Wednesday 30 July 2008

Allium Harvest


It's the time of year to lift the onions, garlic and shallots. These onions were the first to mature, grown from some inadvertently created sets when I started seed in the spring of last year and failed to plant out the resulting seedlings. They stayed in their modules for a year, baked in the sun of the greenhouse and were finally planted out this year. They've put on good sizes but the first one I tried had a brown skin halfway through the bulb. Experience shows that onions like that rarely store well.

The rest of the onions, started from French sets at the usual time are nearly as big and will be coming out to dry in a week or so, but the red onions, started from seed this year are pretty insignificant. A couple of jars of pickles perhaps.


The early planted garlic; left just a week or two too late and the sheaths are rotted and blackened. The garlic is fine though and the bulbs (and the cloves in them) good sized. The late planted garlic is much smaller as well as being riddled with rust. The early crop came from culinary garlic originating in Spain, the late crop from proper 'seed' garlic from the garden centre. If the difference in size due to growing periods is disregarded I think I know which method to choose next year. The Spanish actually seems much healthier.
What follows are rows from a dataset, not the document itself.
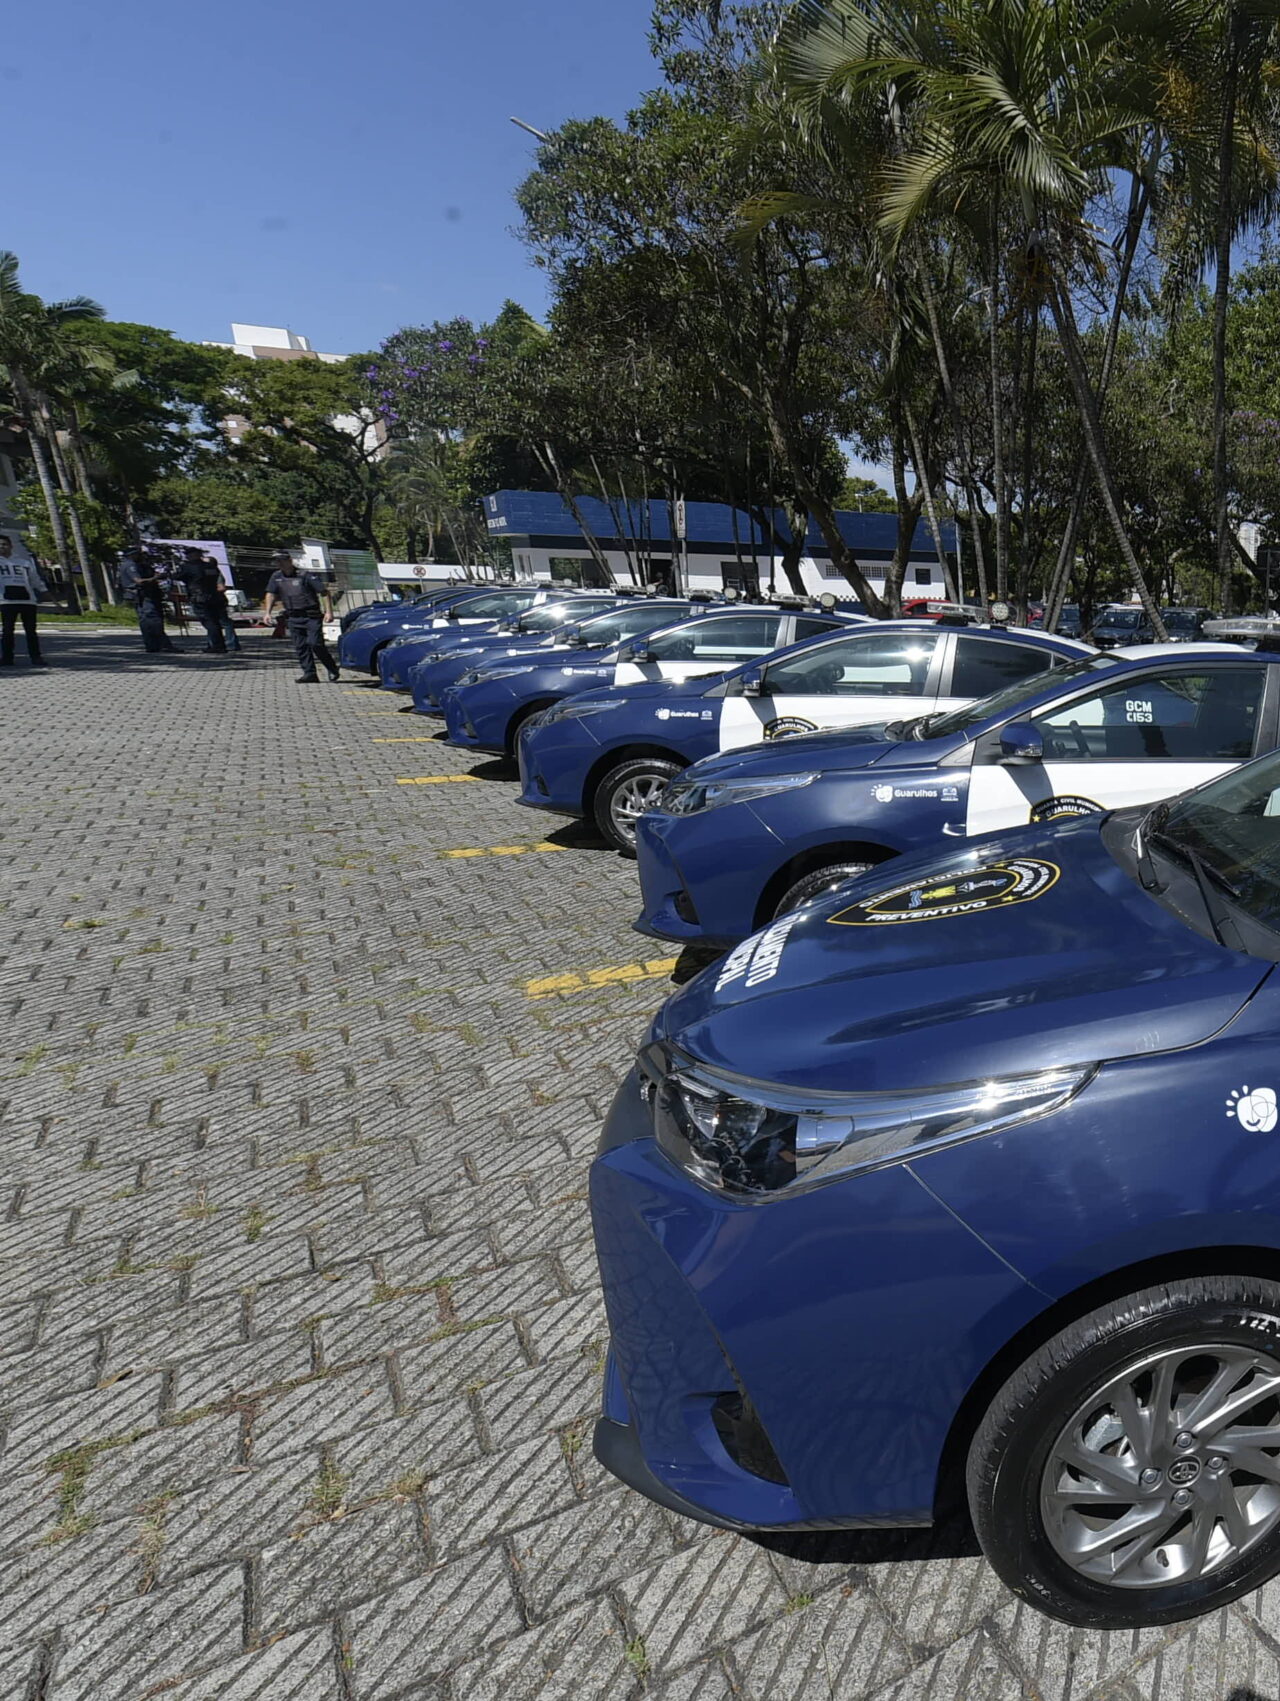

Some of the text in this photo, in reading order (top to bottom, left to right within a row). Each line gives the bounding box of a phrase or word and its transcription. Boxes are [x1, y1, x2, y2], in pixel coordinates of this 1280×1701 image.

[1125, 700, 1152, 713] GCM
[894, 787, 938, 798] Guarulhos
[1045, 805, 1091, 817] GUARULHO
[865, 901, 987, 921] PREVENTIVO
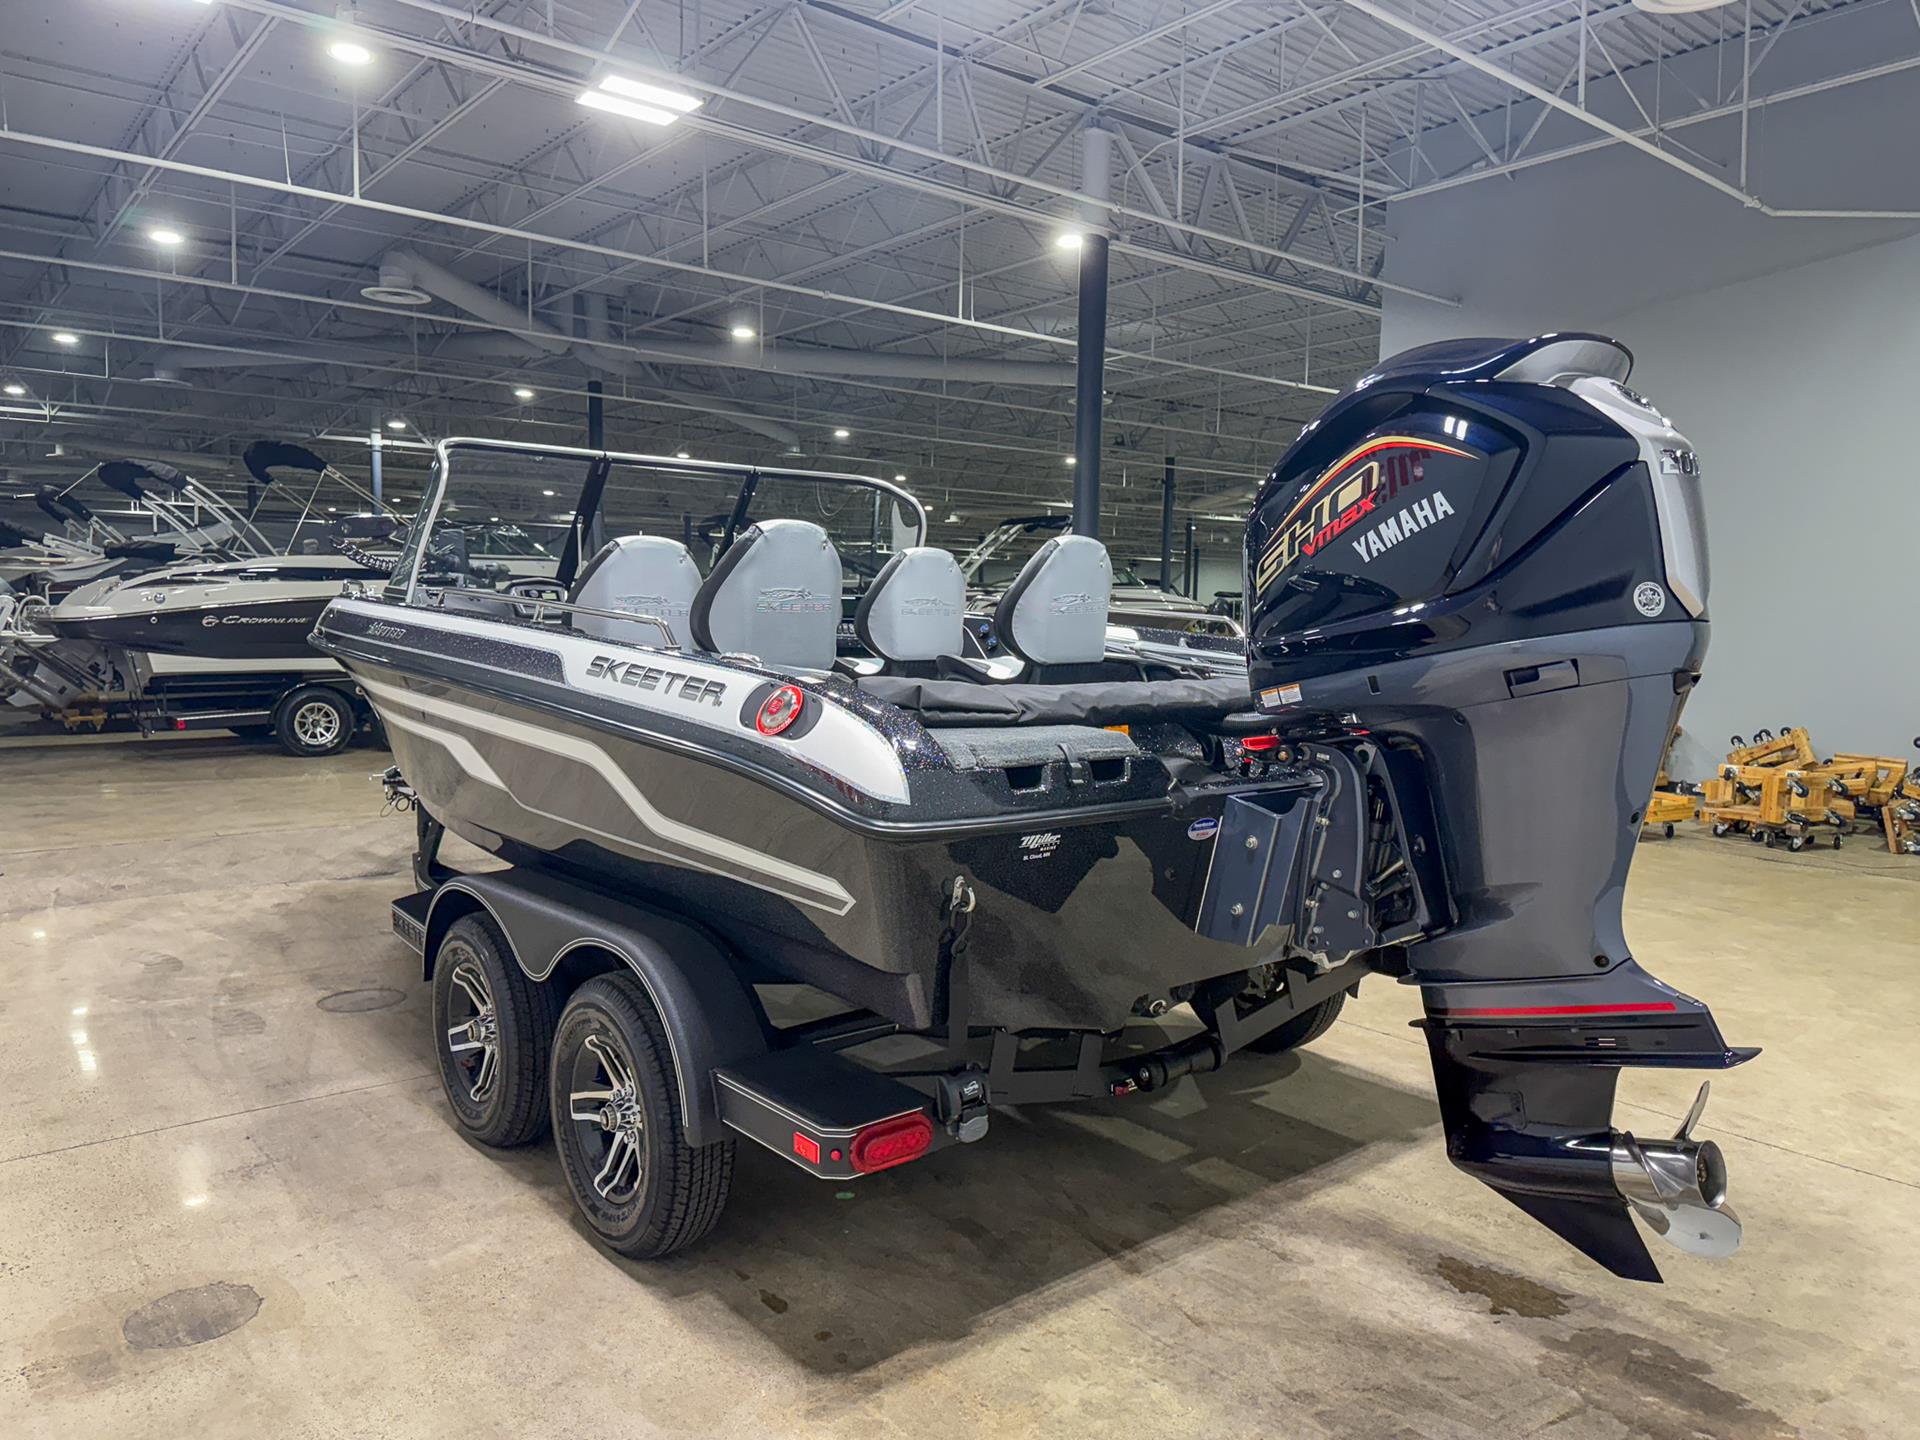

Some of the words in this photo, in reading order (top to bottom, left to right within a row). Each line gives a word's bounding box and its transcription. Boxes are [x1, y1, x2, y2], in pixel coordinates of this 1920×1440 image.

[1352, 490, 1455, 564] YAMAHA
[756, 603, 832, 613] SKEETER
[586, 655, 728, 706] SKEETER
[1018, 833, 1061, 849] Miller
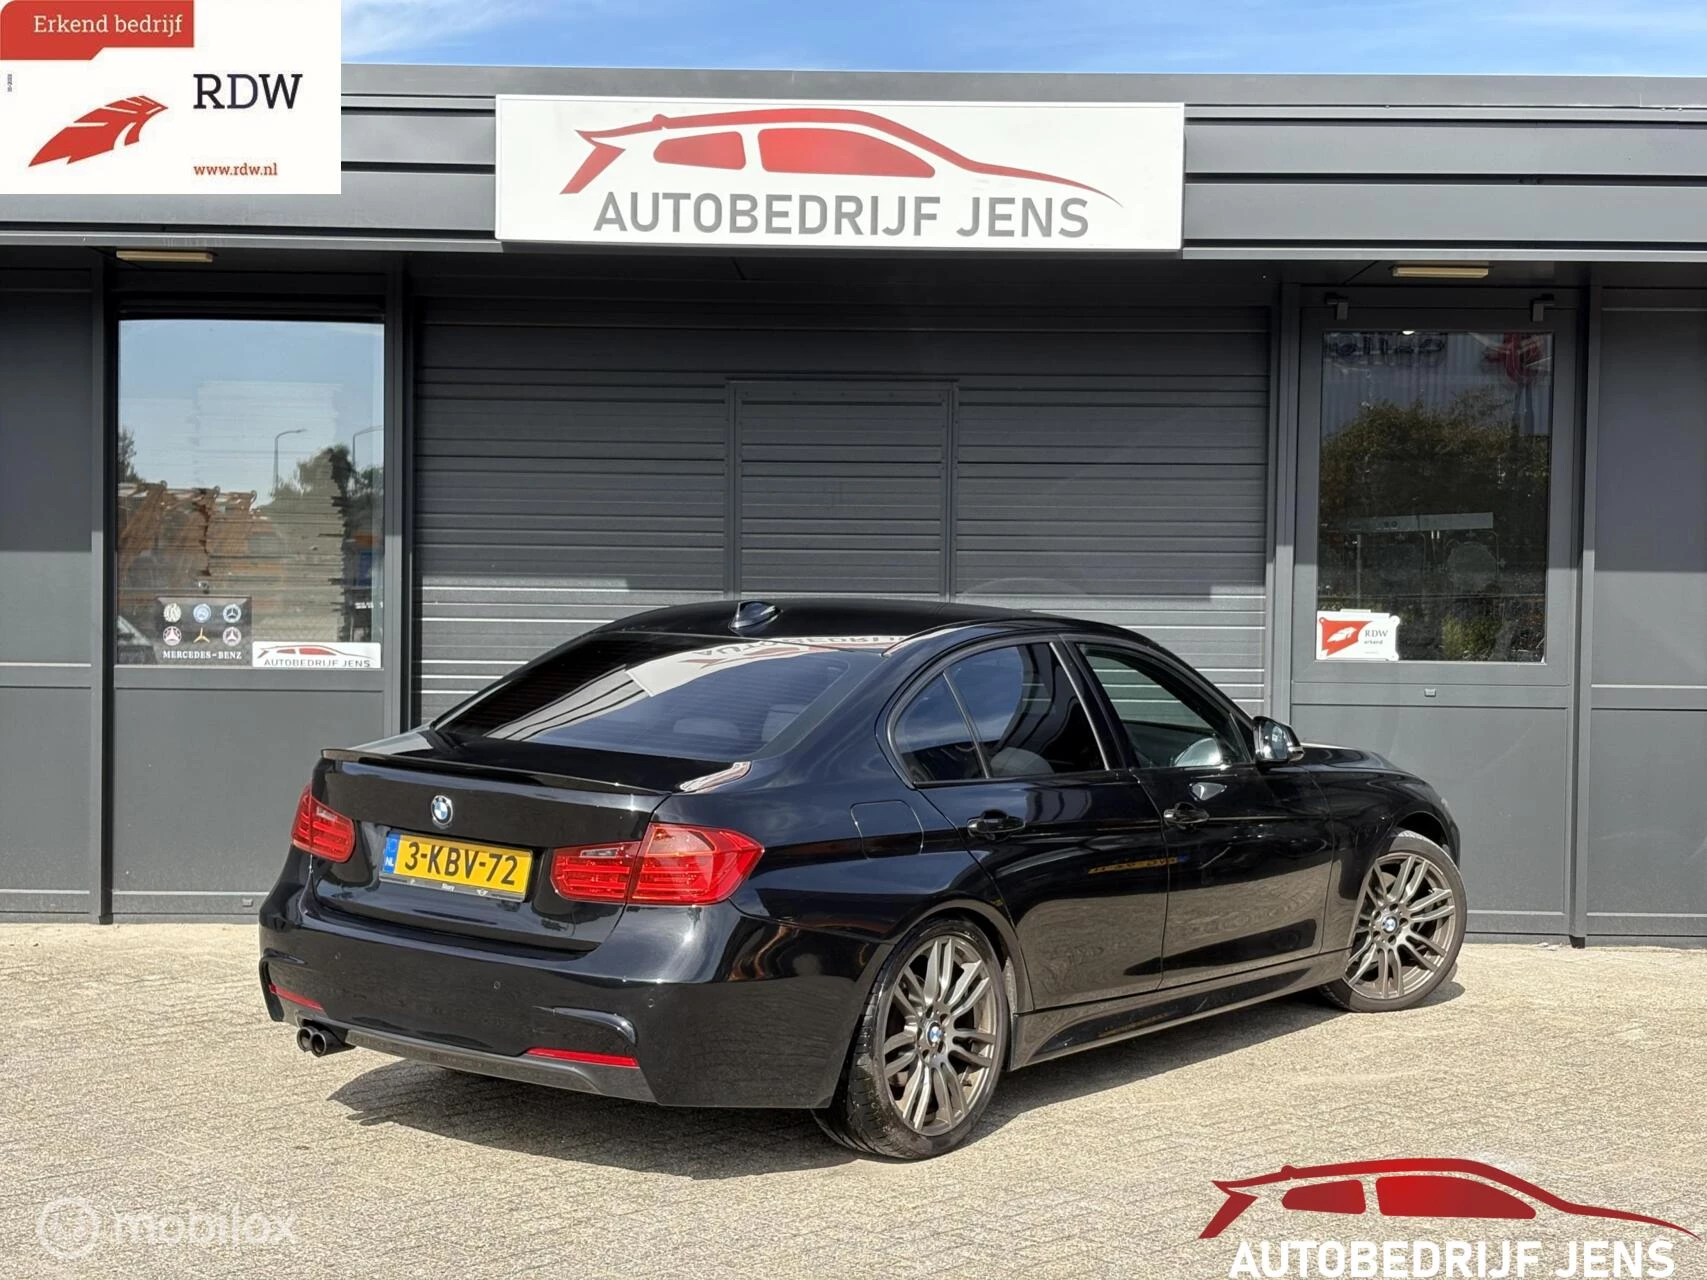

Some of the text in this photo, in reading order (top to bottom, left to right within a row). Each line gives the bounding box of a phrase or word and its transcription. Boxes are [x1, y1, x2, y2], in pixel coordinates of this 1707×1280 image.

[594, 192, 1089, 238] AUTOBEDRIJF JENS
[1364, 629, 1389, 637] RDW
[264, 659, 338, 667] AUTOBEDRIJF
[384, 856, 395, 866] NL
[404, 841, 519, 886] 3-KBV-72
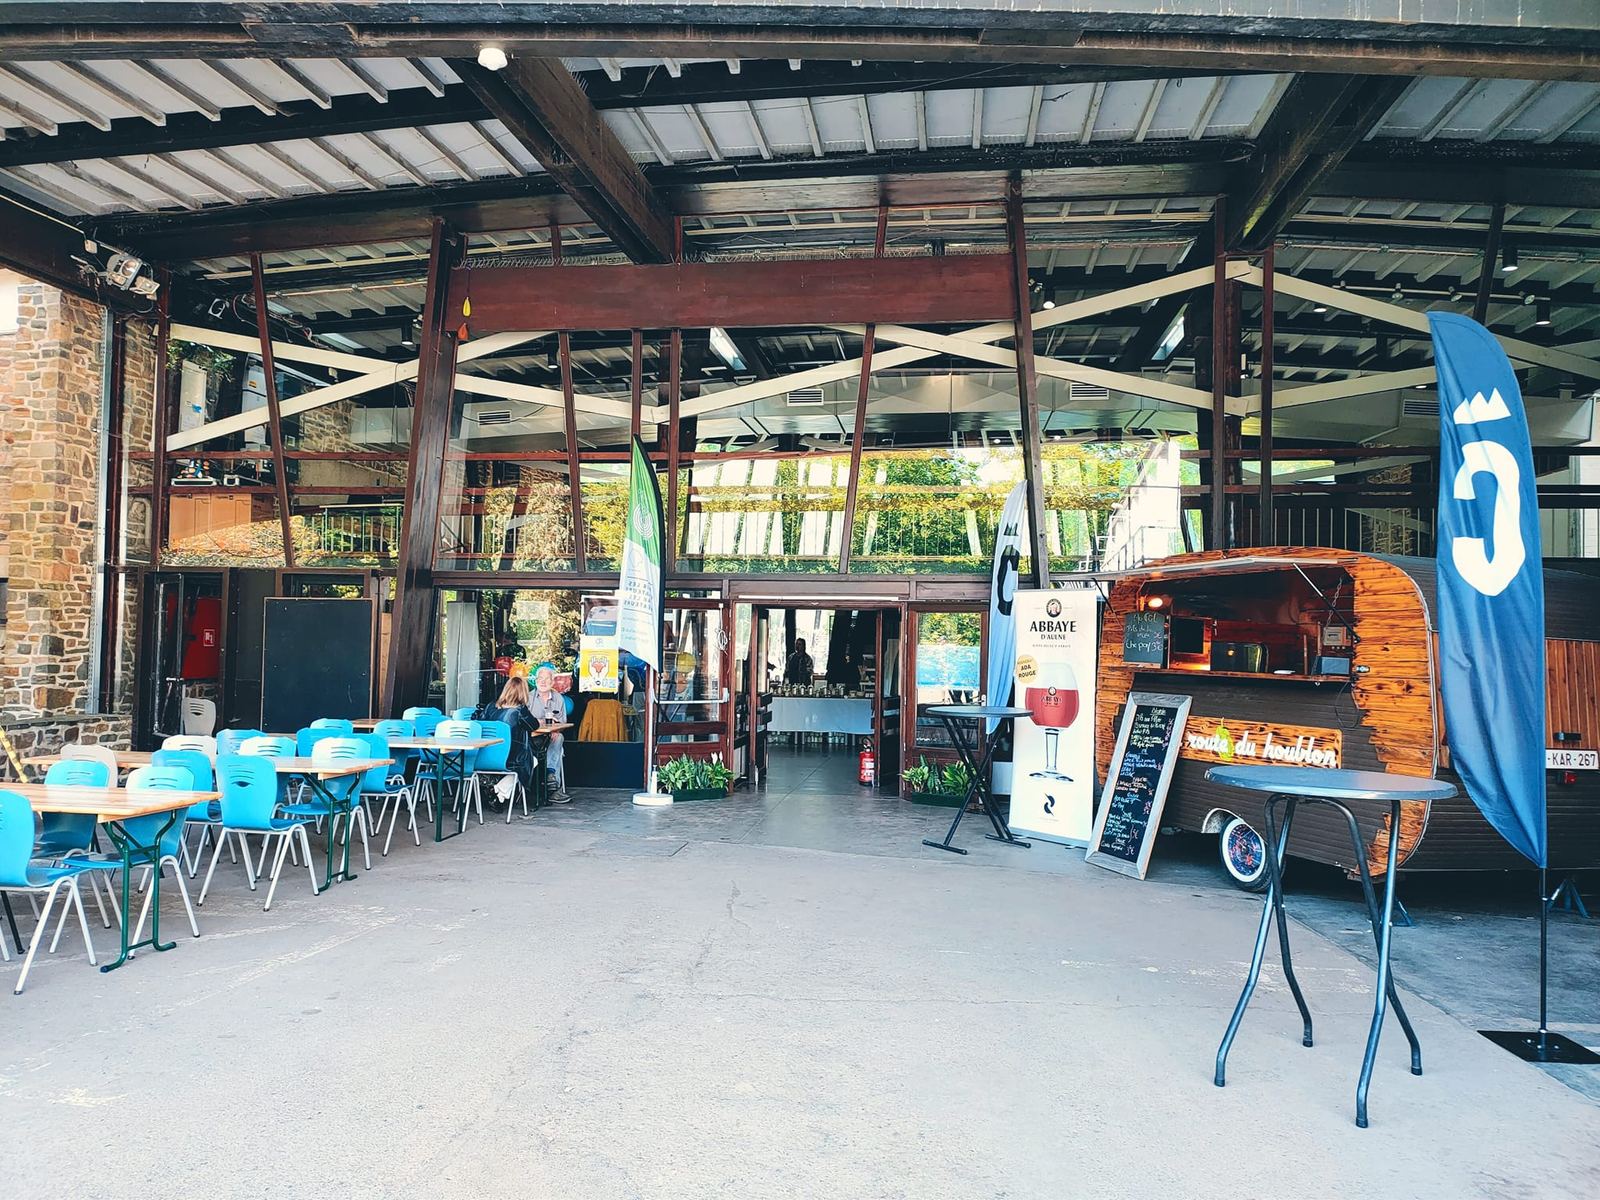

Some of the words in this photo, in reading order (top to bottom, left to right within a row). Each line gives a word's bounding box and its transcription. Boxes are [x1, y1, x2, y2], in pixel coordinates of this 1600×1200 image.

The shallots also came from the same garden centre. To be fair they were almost too late to be planted so any crop at all is surprising but it must be said they are a bit weedy. Normally I would save the biggest bulbs for planting next year but none of these seem worth it.

Also, the chives are putting on a second spurt of growth after I rescued them from the mint and the Babington leeks are making their usual bulbfilled flower heads with abandon. I really need a bunch of leek seedlings from the market but may not be able to persuade myself to make the trip to town in time. Those deer are overfed as it is.